Citing “improper” criticisms directed toward those who failed to prevent the Virginia Tech mass shooting, perpetrated by an openly disturbed student, the Court preemptively apologized for Jude Michael Mirra’s murder, stating, “Our system doesn’t work that way. You don’t go arrest somebody because you’re afraid they might do something. Those are made after the fact looking back, and I think we’re dealing with a situation like that here.” [4]

Just under two years later, on February 03, 2010, Ms. Jordan checked into the Peninsula Hotel in Manhattan with Jude, after hours of aimless cab rides throughout New York City. Late at night, while the boy slept, Jordan crushed about 20 Xanax pills and 40 Ambiens into a mixture of vodka and orange juice that she then forced down the 8-year old’s throat while sitting atop him “using enough force to bruise that boy on the face, the nose, the chest,” according to the prosecution. [5]

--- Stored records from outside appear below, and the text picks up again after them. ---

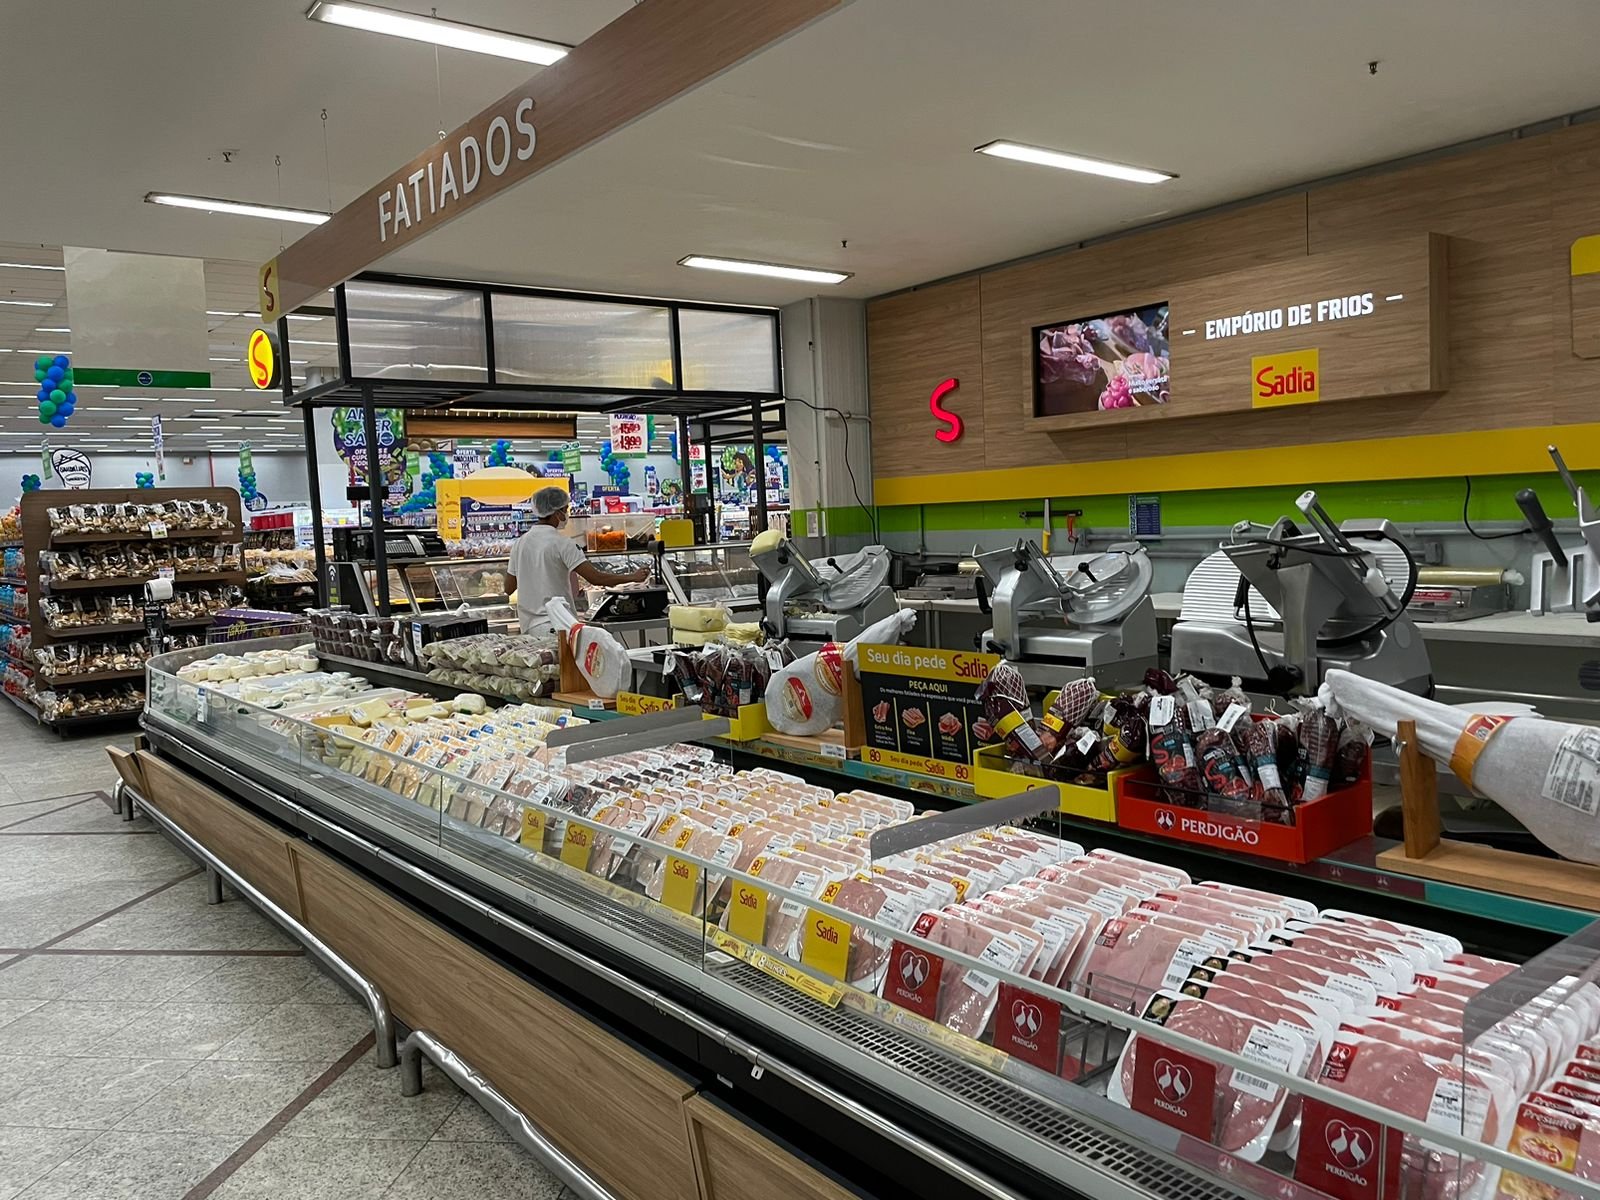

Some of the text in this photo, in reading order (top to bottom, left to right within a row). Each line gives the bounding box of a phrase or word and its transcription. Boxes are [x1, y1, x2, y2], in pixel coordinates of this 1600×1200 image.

[377, 97, 537, 242] FATIADOS
[1205, 292, 1374, 340] EMPÓRIO DE FRIOS
[1256, 366, 1316, 398] Sadia
[867, 650, 989, 679] Seu dia pede Sadia
[909, 680, 948, 693] PEÇA AQUI
[869, 748, 882, 763] 80
[924, 759, 945, 775] Sadia
[955, 764, 969, 780] 80
[567, 824, 588, 847] Sadia
[1181, 817, 1260, 846] PERDIGÃO
[672, 859, 690, 880] Sadia
[739, 888, 758, 910] Sadia
[824, 884, 838, 898] 80
[815, 919, 839, 945] Sadia
[896, 987, 923, 1004] PERDIGÃO
[1011, 1035, 1038, 1051] PERDIGÃO
[1153, 1097, 1188, 1118] PERDIGÃO
[1523, 1108, 1577, 1131] Presunto
[1325, 1162, 1368, 1187] PERDIGÃO

Media reporting on the case almost universally focused on the superficial narrative: the shocking tragedy of a millionaire mother, desperate and delusional, driven to the most unthinkable act of crime. Ms. Jordan had, some 20 years previous, started a successful home health care service upon which her affluence was built. The recriminations against “somebody in authority”, fearfully predicted by the Wyoming District Court, never manifested. Troublingly, nobody asked, following the murder, why Jordan’s dangerous mental state, so obvious to Law Enforcement untrained in Psychology, could have seemingly escaped the notice of the mental health care professionals whose services Ms. Jordan had retained.

Facilitated Communication

Jude was 7 years old when Florida-based “trauma therapist” Carol Crow diagnosed him with Multiple Personality Disorder (more recently known as Dissociative Identity Disorder [DID]). It’s a diagnosis that is problematic even in ideal therapeutic settings, as the condition enjoys no scientific validation and is largely viewed as discredited. In Jude’s case, however, such a diagnosis is further complicated in that it was arrived at by analysis of the boy’s own self-reports — reports he was clearly unable to convey in reality, but that were manufactured in his name via “facilitated communication.”

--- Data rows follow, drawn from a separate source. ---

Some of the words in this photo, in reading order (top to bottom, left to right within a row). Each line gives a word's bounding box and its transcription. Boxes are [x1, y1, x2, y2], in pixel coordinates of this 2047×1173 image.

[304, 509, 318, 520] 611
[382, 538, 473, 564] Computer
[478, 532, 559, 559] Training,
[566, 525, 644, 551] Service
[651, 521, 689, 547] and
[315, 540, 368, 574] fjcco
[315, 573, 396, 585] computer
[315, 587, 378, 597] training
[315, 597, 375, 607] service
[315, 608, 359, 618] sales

Facilitated Communication (FC) is defined by Oxford’s Dictionary of Psychology [6] as “A teaching method and therapeutic technique in which facilitators or partners help people with severe developmental disabilities to communicate by providing sufficient manual guidance to enable them to convey messages through a keyboard, a picture board, or a speech synthesizer.” This method “often appears to reveal unexpected literacy and a far higher level of intellectual functioning than the person was believed to possess, but single-blind studies and double-blind studies have revealed that disabled people are unable to respond intelligently to stimuli that are unseen by their facilitators and that the facilitators unwittingly control the responses.”

Over 20 years ago, scientific debate concerning FC was already quite settled. In 1995, the journal American Psychologist published a paper titled A History of Facilitated Communication [7] noting that

Controlled research using single and double blind procedures in laboratory and natural settings with a range of clinical populations with which FC is used have determined that, not only are the people with disabilities unable to respond accurately to label or describe stimuli unseen by their assistants, but that the responses are controlled by the assistants.

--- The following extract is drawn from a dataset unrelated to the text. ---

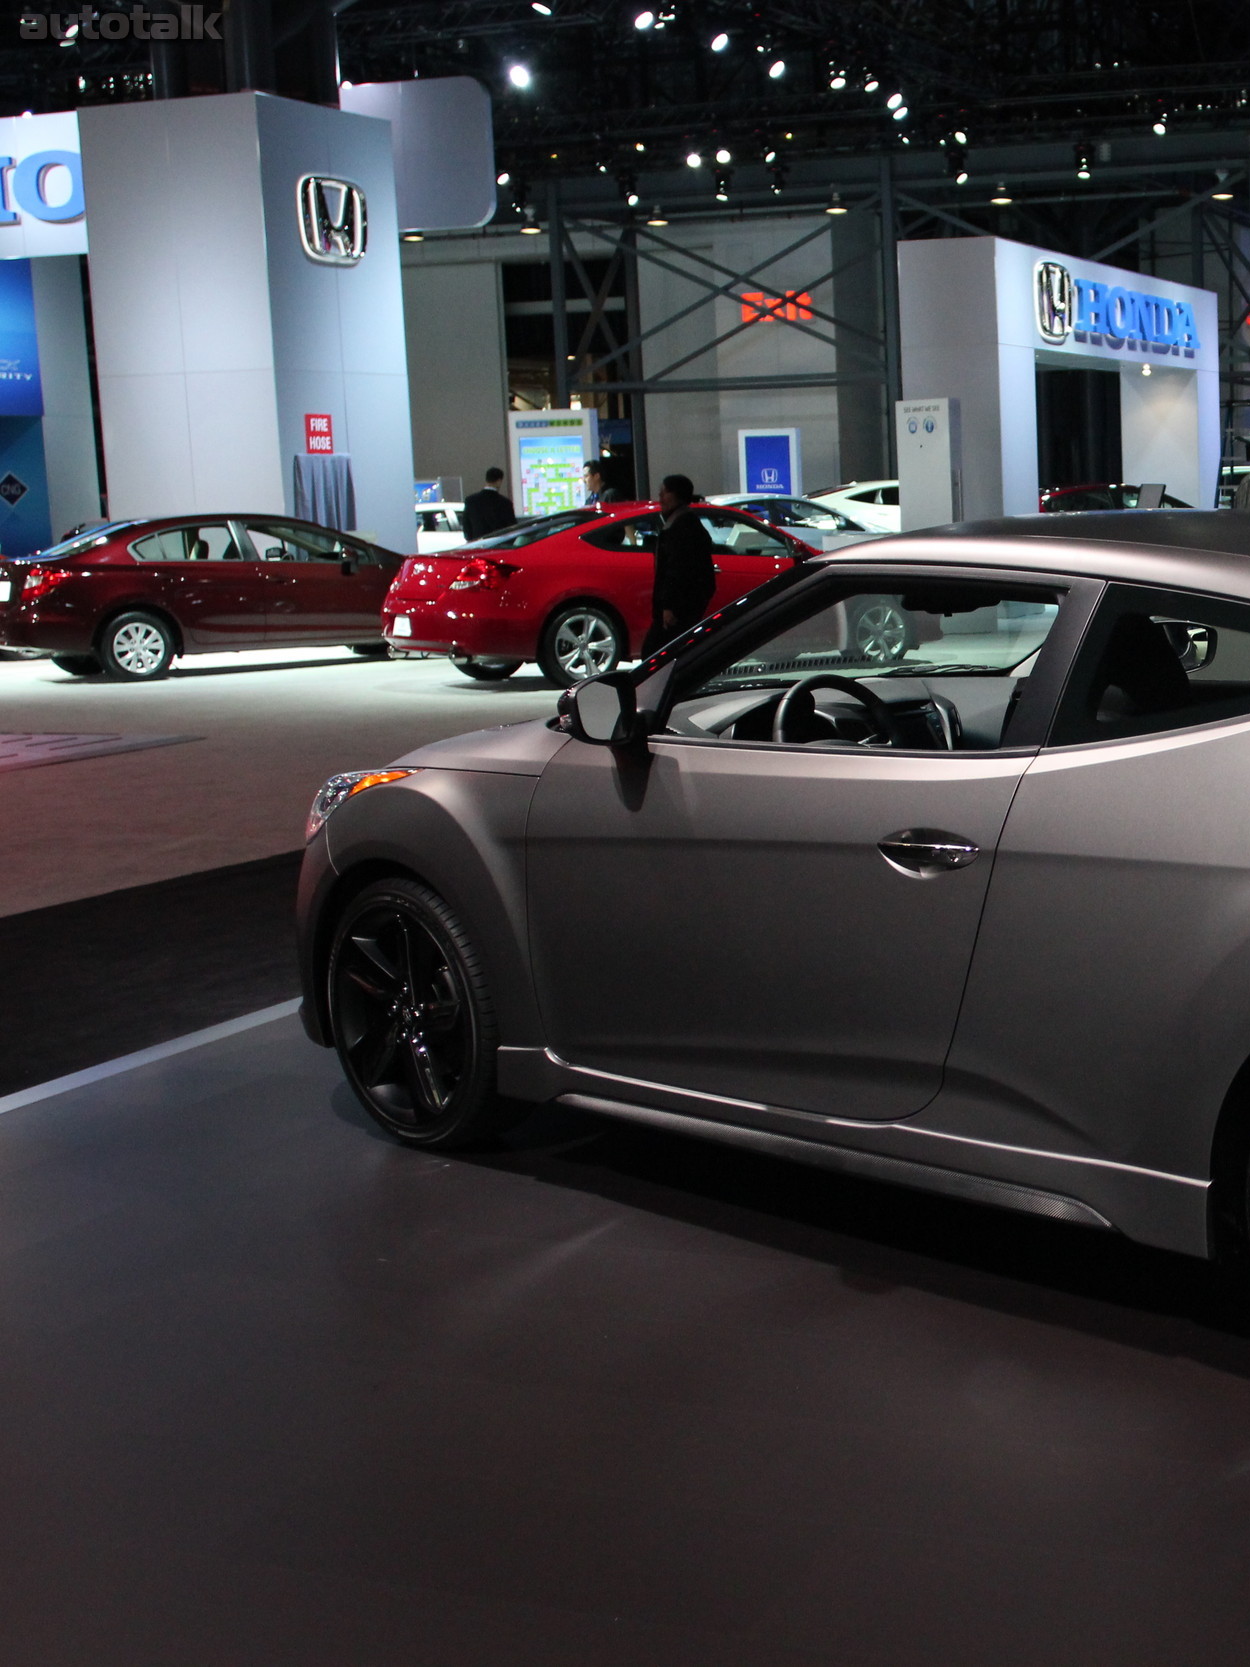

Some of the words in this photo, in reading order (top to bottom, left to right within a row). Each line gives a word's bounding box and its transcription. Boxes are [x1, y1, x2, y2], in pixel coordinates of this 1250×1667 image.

[1074, 278, 1200, 349] HONDA
[310, 417, 329, 432] FIRE
[309, 436, 331, 450] HOSE

The authors were blunt in their conclusion: “FC is a pseudoscientific procedure serving anti-scientific ends.”

Convinced that her child’s apparent autism was actually a grossly improbable psychophysiological response to traumatic sexual abuse, Ms. Jordan believed she could facilitate Jude’s articulate cries for help. Helping guide Jude’s hand over a computer keyboard or Blackberry device, Jordan would “assist” him in producing typed conversations. As one witness testified, a nurse and forensic interviewer attempted communication with Jude and determined that his alleged typed responses were fully attributable to Jordan, and “not at all in any way, shape, or form Jude.”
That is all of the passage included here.